Data was cleaned and validated manually, and analysed using Statistical Package for Social Sciences (SPSS-IBM) version 20. Descriptive statistics (frequency tables, graphs and summary indices) were generated. Chi Square was used to test association between categorical variables while multiple logistic regression was used to determine the predictors of immunization. P value was set at 0.05 significant level.

2.6. Ethical Considerations

Ethical approval was obtained from the Ethics Committee of Imo State University Teaching Hospital (IMSUTHEC). Consent was gotten from their mothers before proceeding to the interviews. It was only in households where the mothers gave consent that were enrolled and studied. All authors hereby declare that the study has therefore been performed in accordance with the ethical standards laid down in the 1964 Declaration of Helsinki.

3. Results

Four hundred and twenty questionnaires were administered with one questionnaire to each mother per household. All the questionnaires were completely and correctly filled with 743 children under the age of five years old enrolled.

3.1. Sociodemographic Characteristics

The mean age of the mothers interviewed was 29 ± 1.4 years with majority of them belonging to the Igbo ethnic group (96.2%), ever married (94.3%) in a monogamous relationship (97.4%) and having either a secondary or tertiary education (93.1%). More than half of the women were of the Christian catholic faith (57.9%) and had a maximum of two children (64.8%). Most of the under 5-year-old children enrolled, were between the ages of 9 months and 5 years old (82.2%) and were delivered in a hospital (66.9%) (Table 1).

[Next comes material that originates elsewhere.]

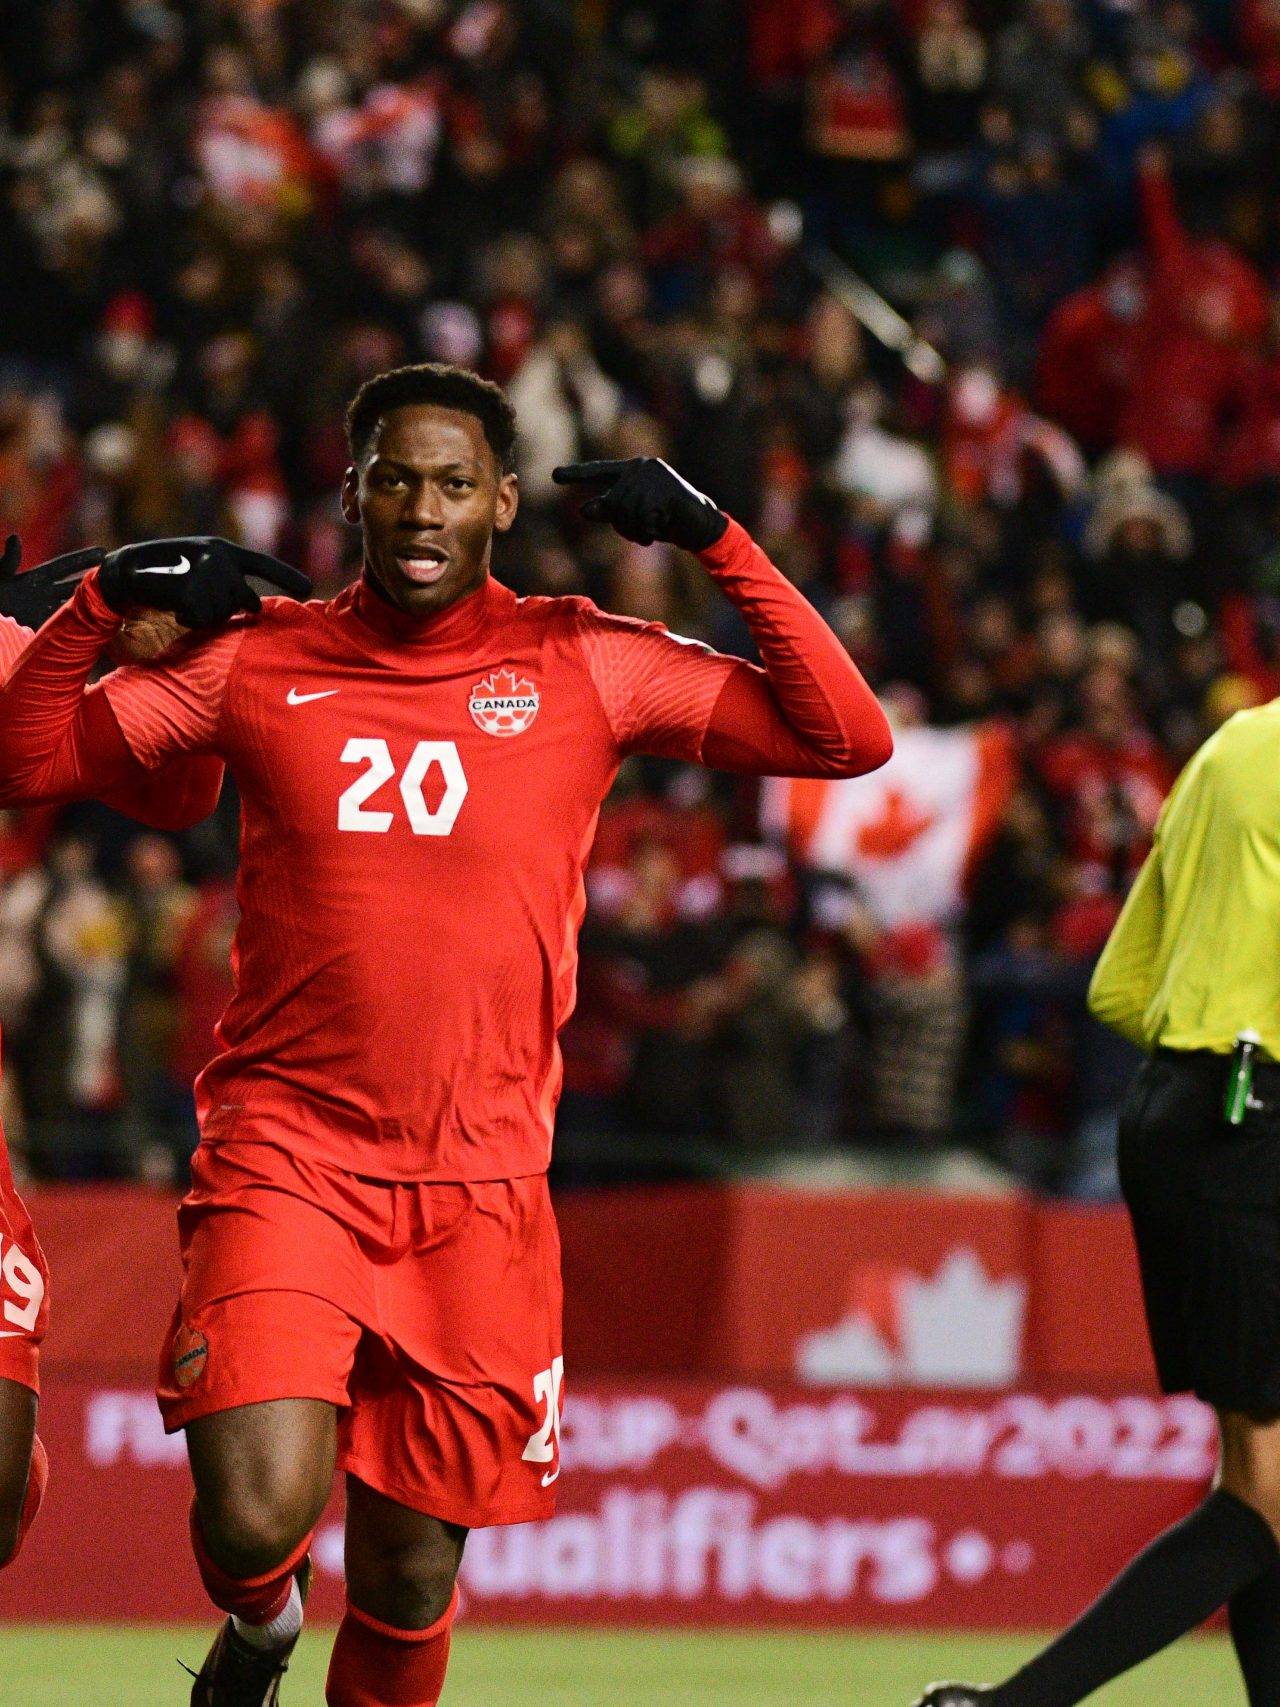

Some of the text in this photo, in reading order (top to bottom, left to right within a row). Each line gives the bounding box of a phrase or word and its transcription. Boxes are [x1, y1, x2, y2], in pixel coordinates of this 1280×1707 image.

[472, 699, 536, 710] CANADA
[337, 737, 469, 836] 20
[458, 1490, 936, 1608] ualifiers

3.2. Awareness and Knowledge about Immunization

Majority of the respondents (97.6%) were aware of immunization with the commonest known childhood vaccine type and immunizable disease being BCG vaccine (100%) and Tuberculosis (95.6%), while meningococcal vaccine (35.1%) and meningitis (44.9%) were the least known. Commonest source of information about immunization mentioned by the mothers from hospitals and health care personnel (94.1%) with the majority of the mothers (79.5%) having a good level of knowledge of the vaccines (Table 2).

3.3. Immunization Perception and Accessibility

Majority of the mothers (97.8%) felt that immunization was necessary and therefore accepted it but 36.6% of the mothers always required their husband’s permission to immunize their child and majority (74.6%) of their husbands accepts it while 16.1% of them claim that their husbands depended on whatever decisions on immunization their spouse took (Table 3).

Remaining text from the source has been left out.